There is no smoke, only sterile light. There is no differentiation between the bodies lying scattered around me in all positions possible. Darkness lies side by side with the Light, is one can assume that there is light and dark. I am not sure anymore if that is not just a ploy, a game that some higher, devious entity plays upon us to have us divided and weak. For both Deatheaters and Aurors alike look the same to me. They all look pained, killed before their time when they still had so much to give to the world and did not manage to.

Fathers and sons were separated in life, brothers and sisters, whole families torn apart because of trivialities that seem rediculous just to consider. What made purebloods what they are and who can claim that by some criteria their blood is not mixed?

It is the first time I let my thoughts run away with me, the first time I let them spill over the neat, vice like grip I have on them so I will not go mad. And I find that it is not so bad, to feel my thoughts gallop in a frenzy; it allows me not to think of the devastation, the meaningless pain I see before me. What was the Dark Lord but a hurt boy that saw no other way to prove himself than try and present himself to the world as superior to all others?

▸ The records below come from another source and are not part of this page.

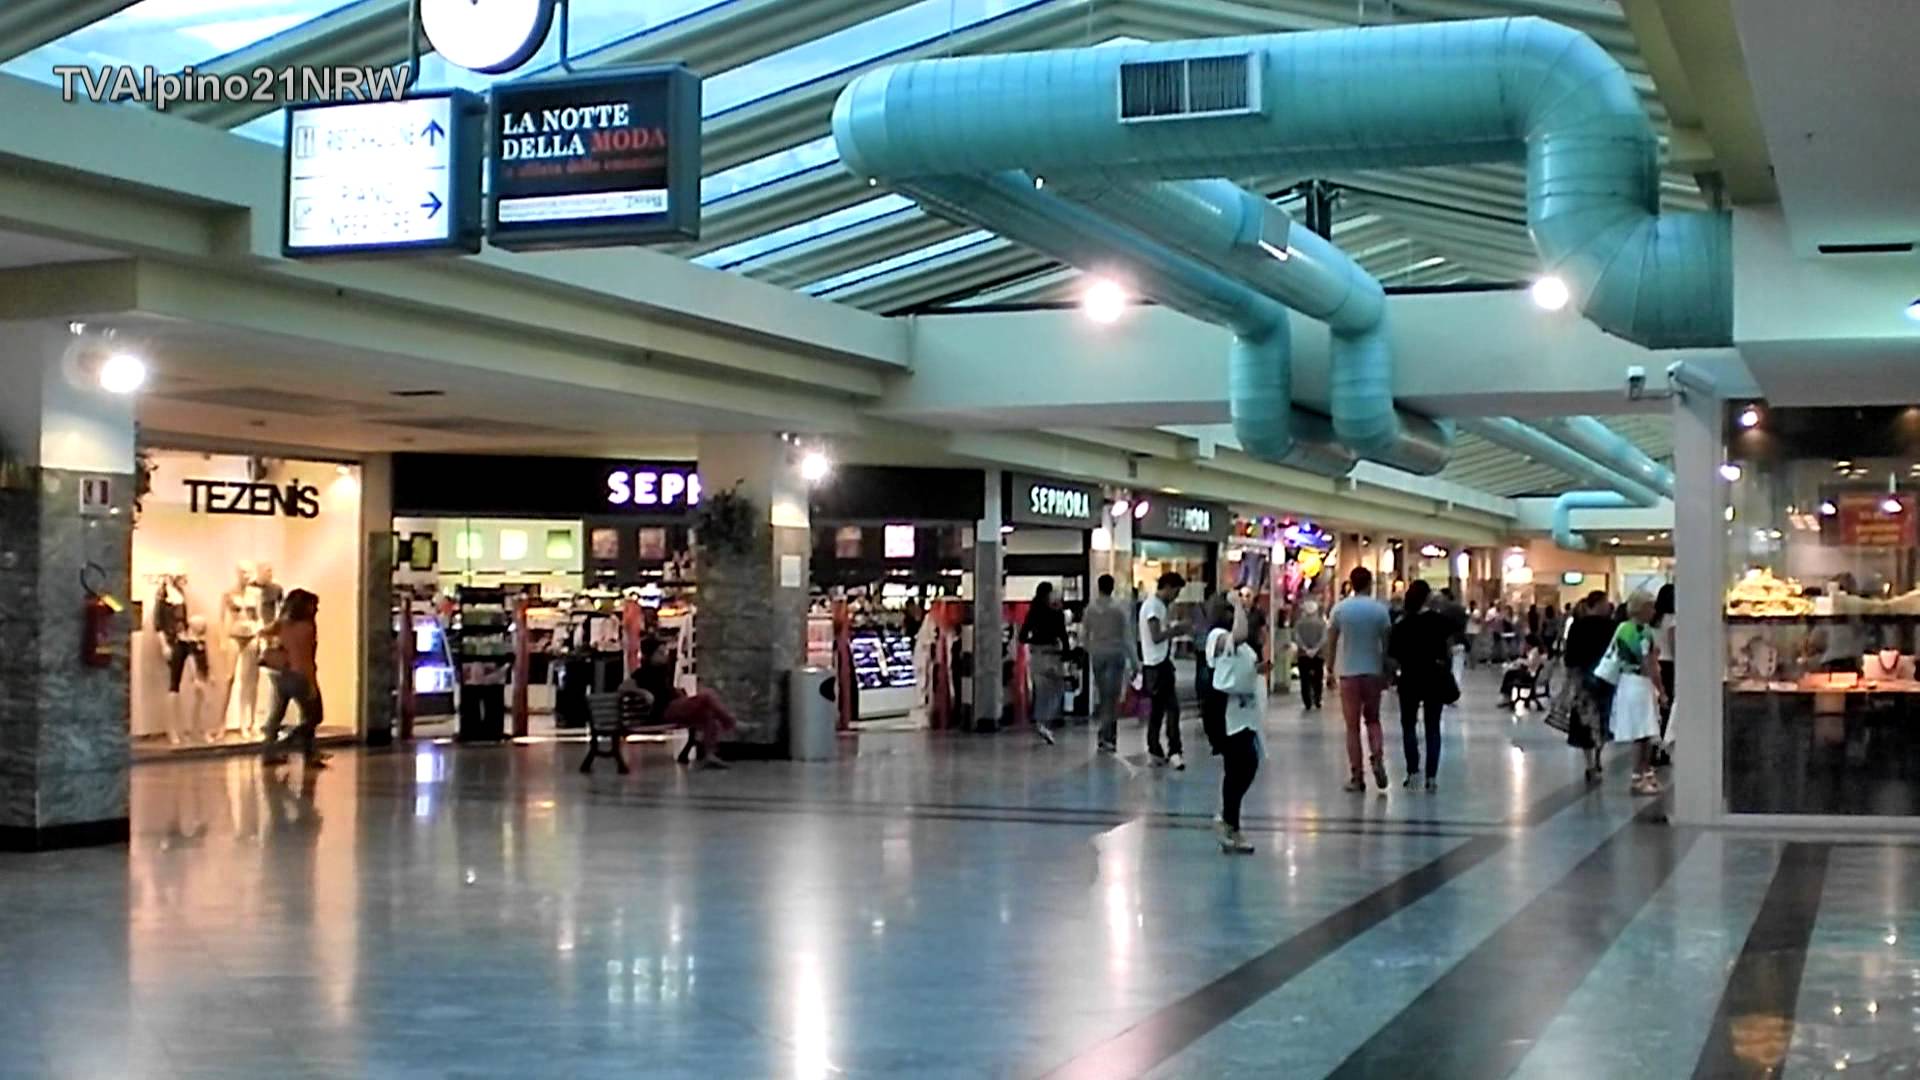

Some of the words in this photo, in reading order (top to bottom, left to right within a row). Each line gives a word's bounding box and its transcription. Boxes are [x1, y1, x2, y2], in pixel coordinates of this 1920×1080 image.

[503, 112, 535, 135] LA
[542, 104, 630, 132] NOTTE
[502, 133, 585, 160] DELLA
[591, 128, 665, 151] MODA
[1031, 486, 1090, 518] SEPHORA
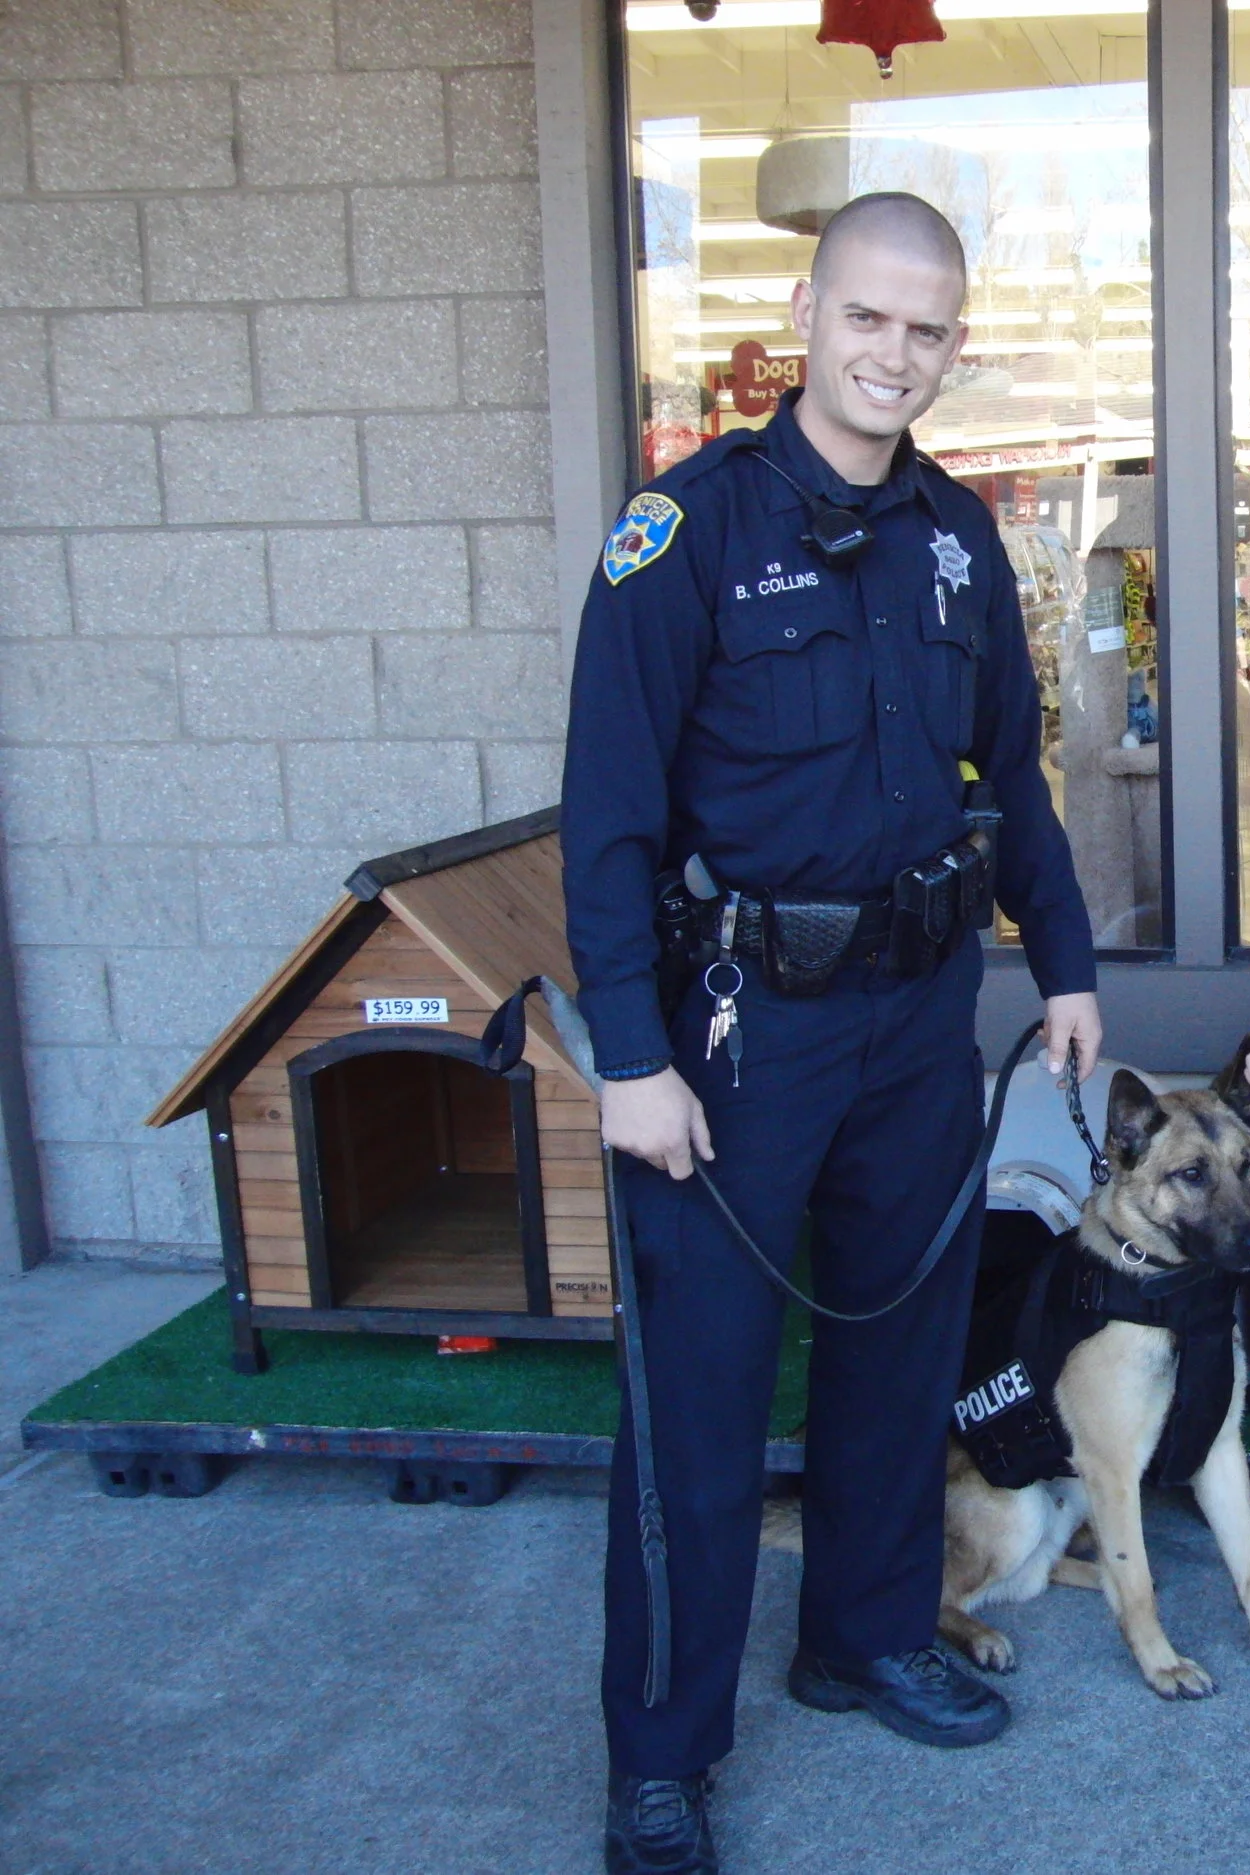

I see his body crumbled over there, and to me it seems he was glad to let go, to die legitimately struggling after he had pronounced his intend to live forever. I believe that life was nothing but torture for him. I believe that deep down he wanted to let Potter win. Even if he had to make sure Potter would die along with him.

I approach the two bodies, my eyes dry. I don't think I have any tears left. I shed them all when Albus died. He too seemed glad to go, and I hated him for it. I did not go at his funeral nor have I visited his grave to this day. He was dearly needed. I needed him and so I selfishly pouted and did not go to bid him a last farewell. Somehow I wished that he would turn into a ghost over this. He did not. He died in my arms with a smirk on his face and telling me not to look as sour as a lemon. The nerve. But then perhaps he didn't turn into a ghost because he saw through me once more, and realised that at the time I did so very much try not to look as sour as a lemon, even though I failed.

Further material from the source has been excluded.